Bulgarian authorities have arrested a 20-year-old government contractor in connection with a hack on the country’s national tax agency that involved information about roughly 5 million adults, prosecutors said Wednesday.

Prosecutors described the suspect only as “KB,” though Bulgarian media quickly identified him only as Christian Boykov, or Kristian Boykov, a computer specialist from the city of Plovdiv. The Sofia City Prosecutor’s Office described the hacking suspect as a “cyber security expert” who is “involved in testing and auditing information systems,” according to a translation of their announcement. Boykov has been conducting cybersecurity training for the GDOC, a Bulgarian government agency, his lawyers told MediaPool.ng.

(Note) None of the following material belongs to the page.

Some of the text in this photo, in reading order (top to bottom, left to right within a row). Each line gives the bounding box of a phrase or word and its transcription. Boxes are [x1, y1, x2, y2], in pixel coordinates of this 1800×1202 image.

The arrest is related to the data breach at the National Revenue Agency, which announced Monday that an outsider had compromised its systems, prosecutors said. A hacker had contacted local media outlets from a Russian email provider with databases containing millions of rows of Bulgarians’ personal information including names, addresses, income figures, and other financial data. The hacker claimed the stockpile totaled 21 gigabytes.

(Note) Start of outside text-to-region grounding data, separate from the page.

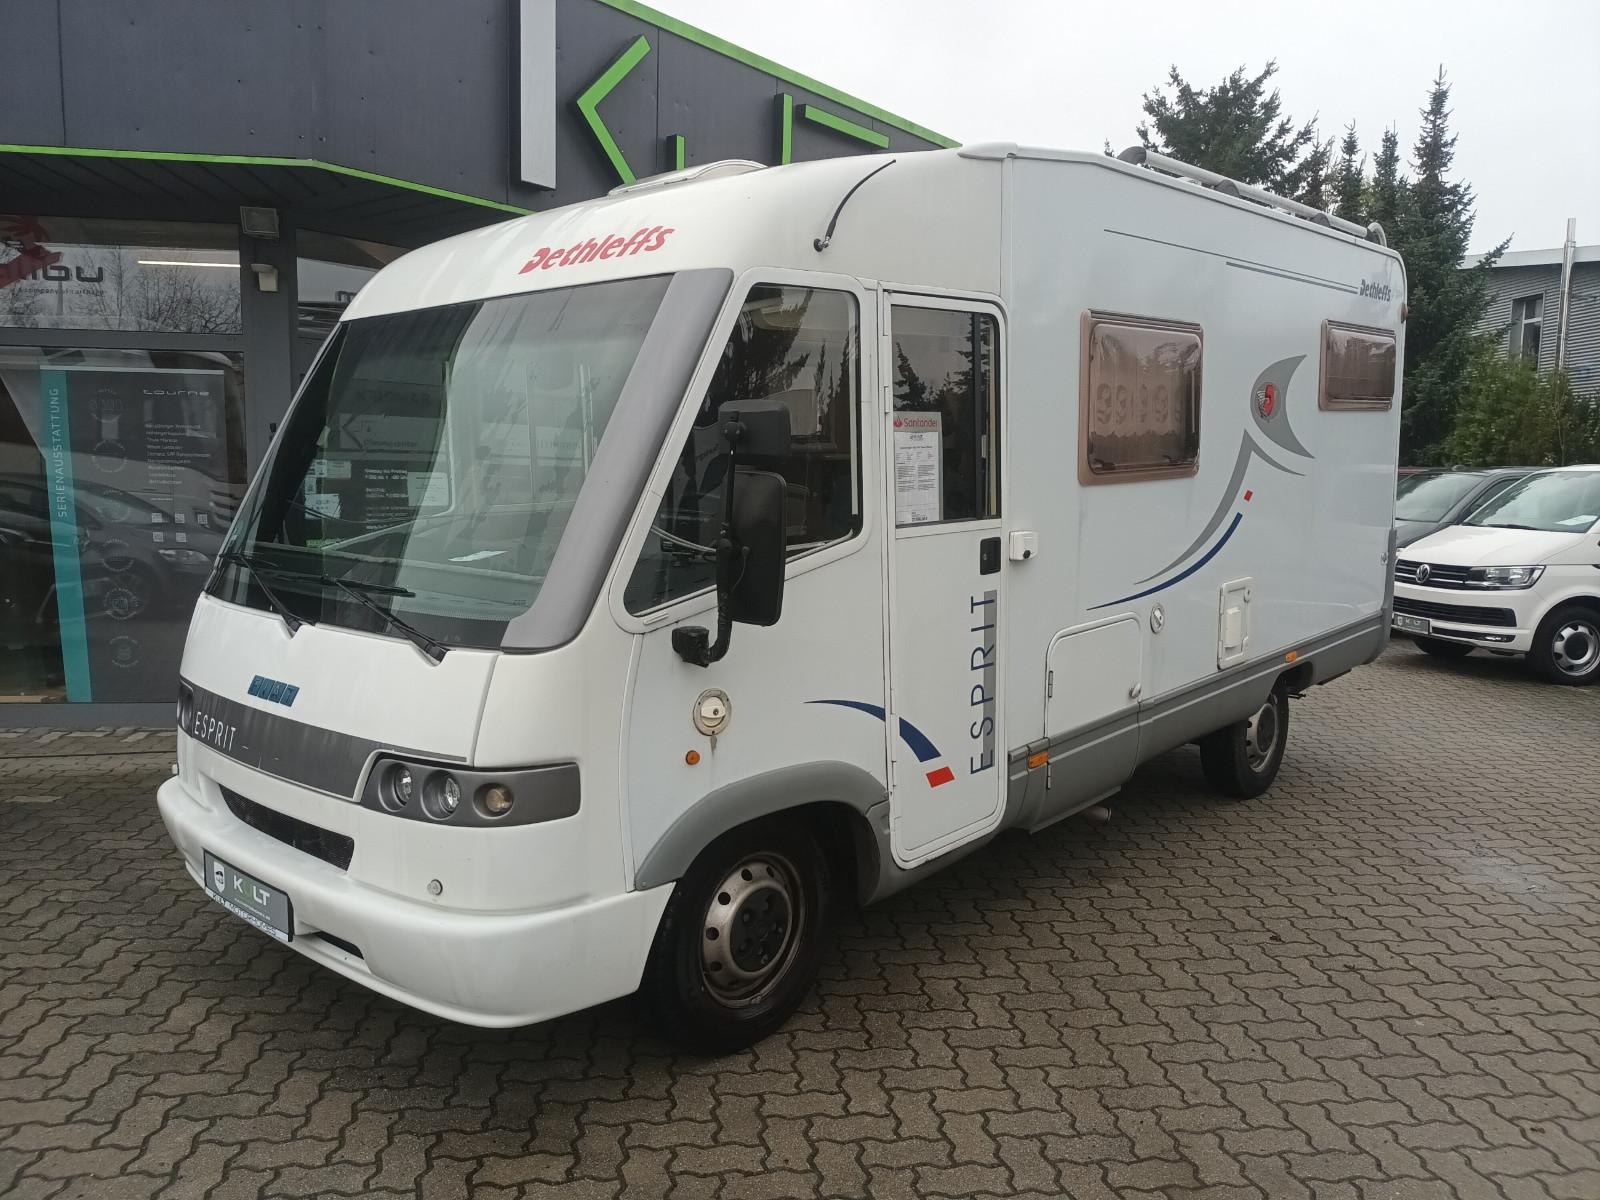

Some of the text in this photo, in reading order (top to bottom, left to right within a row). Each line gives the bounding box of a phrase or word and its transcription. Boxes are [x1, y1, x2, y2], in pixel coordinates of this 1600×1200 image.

[519, 225, 675, 275] Dethleffs
[1359, 278, 1391, 302] Dethleffs
[903, 417, 938, 428] Santander
[49, 386, 69, 519] SERIENAUSSTATTUNG
[248, 675, 300, 707] FIAT
[970, 595, 996, 775] ESPRIT
[193, 710, 238, 752] ESPRIT

Boykov’s Facebook page lists his employer as TAD Group, a security firm with offices in Sofia, Bulgaria’s capital. The company’s website lists penetration testing, information security audits and vulnerability assessment among its services. Prosecutors said the suspect’s actions have nothing to do with his employer, though TAD addressed the matter in a statement.

“Christian is our 2017 official in the ‘Cybersecurity Expert’ position,” the company said. “As part of the company, Christian has always been ethically, professionally and loyal to his work commitments, including our clients and the entire team.”

The incident was enough for Bulgarian Prime Minister Boyko Borissov to call an emergency meeting earlier this week to discuss the incident. Finance Minister Vladislav Goranov said 3 percent of the NRA’s database was compromised, according to Reuters, and apologized “to all Bulgarian citizens who have been made vulnerable.”

The then-unknown hacker wrote a note to media outlets claiming to be a Russian citizen with a Bulgarian wife, a storyline that police say has been debunked, according to local media.

Borissov told said the suspect has a “unique brain” and “above the world level” intellect, according to MediaPool. Investigators determined “KB” was responsible because of forensic data in a National Revenue Agency server which included a computer configuration, unique username, date, time, and software application used to access the file tying the 20-year-old to the breach.

He now faces up to eight years in prison.